__Data provided__.
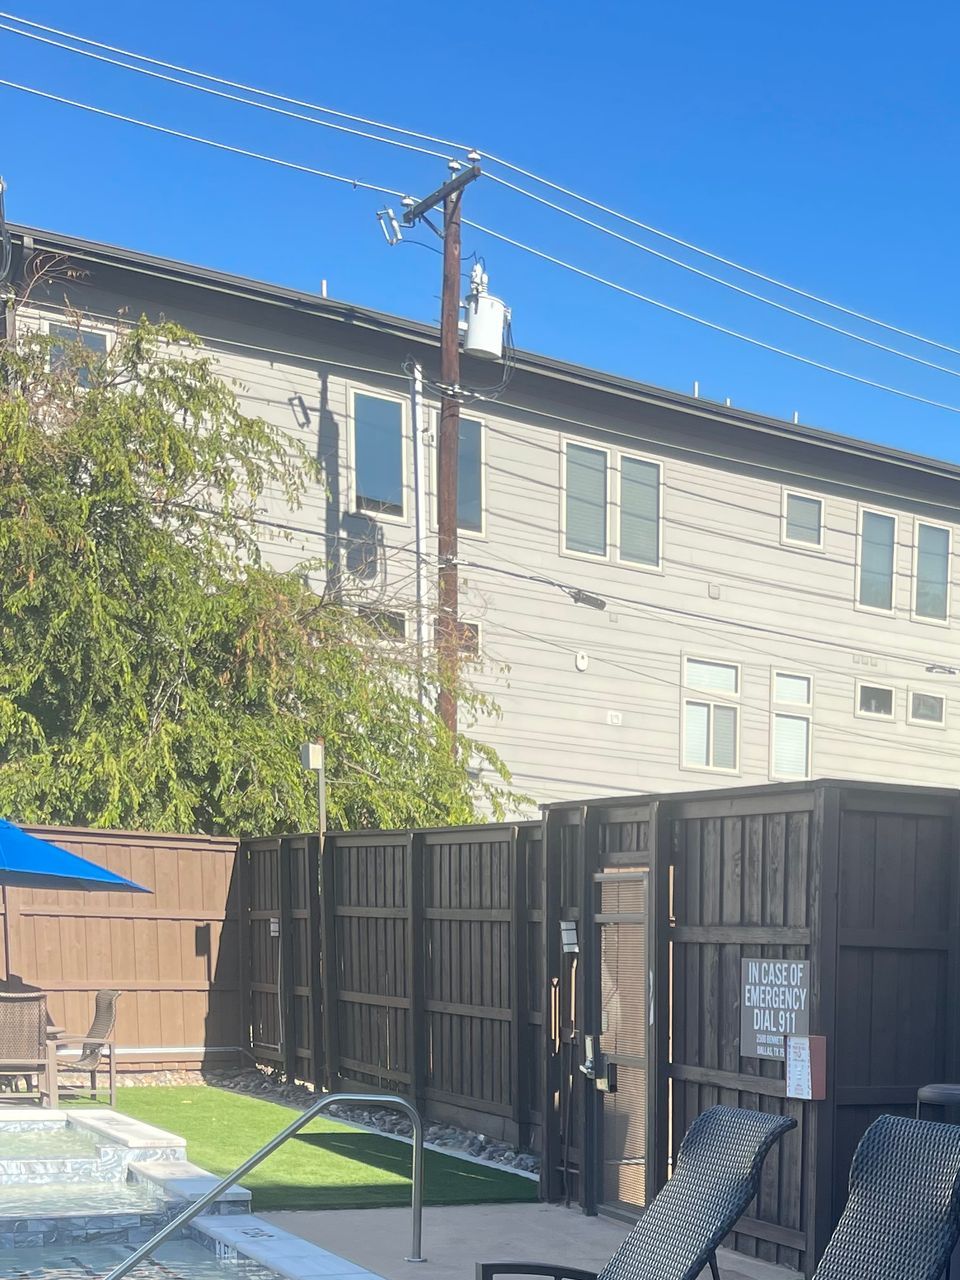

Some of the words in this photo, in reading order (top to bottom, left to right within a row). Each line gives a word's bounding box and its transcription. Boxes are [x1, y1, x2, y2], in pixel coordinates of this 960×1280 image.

[749, 962, 759, 983] IN
[761, 962, 788, 985] CASE
[790, 963, 803, 986] OF
[745, 985, 807, 1010] EMERGENCY
[754, 1009, 776, 1031] DIAL
[779, 1010, 795, 1033] 911

__Aim of the task__.
Output the records verbatim, every one of them, and keep the pictures out.

__Exercise answer__.
Some of the words in this photo, in reading order (top to bottom, left to right within a row). Each line gives a word's bounding box and its transcription. Boxes are [x1, y1, x2, y2], in pixel coordinates of this 960×1280 image.

[749, 962, 759, 983] IN
[761, 962, 788, 985] CASE
[790, 963, 803, 986] OF
[745, 985, 807, 1010] EMERGENCY
[754, 1009, 776, 1031] DIAL
[779, 1010, 795, 1033] 911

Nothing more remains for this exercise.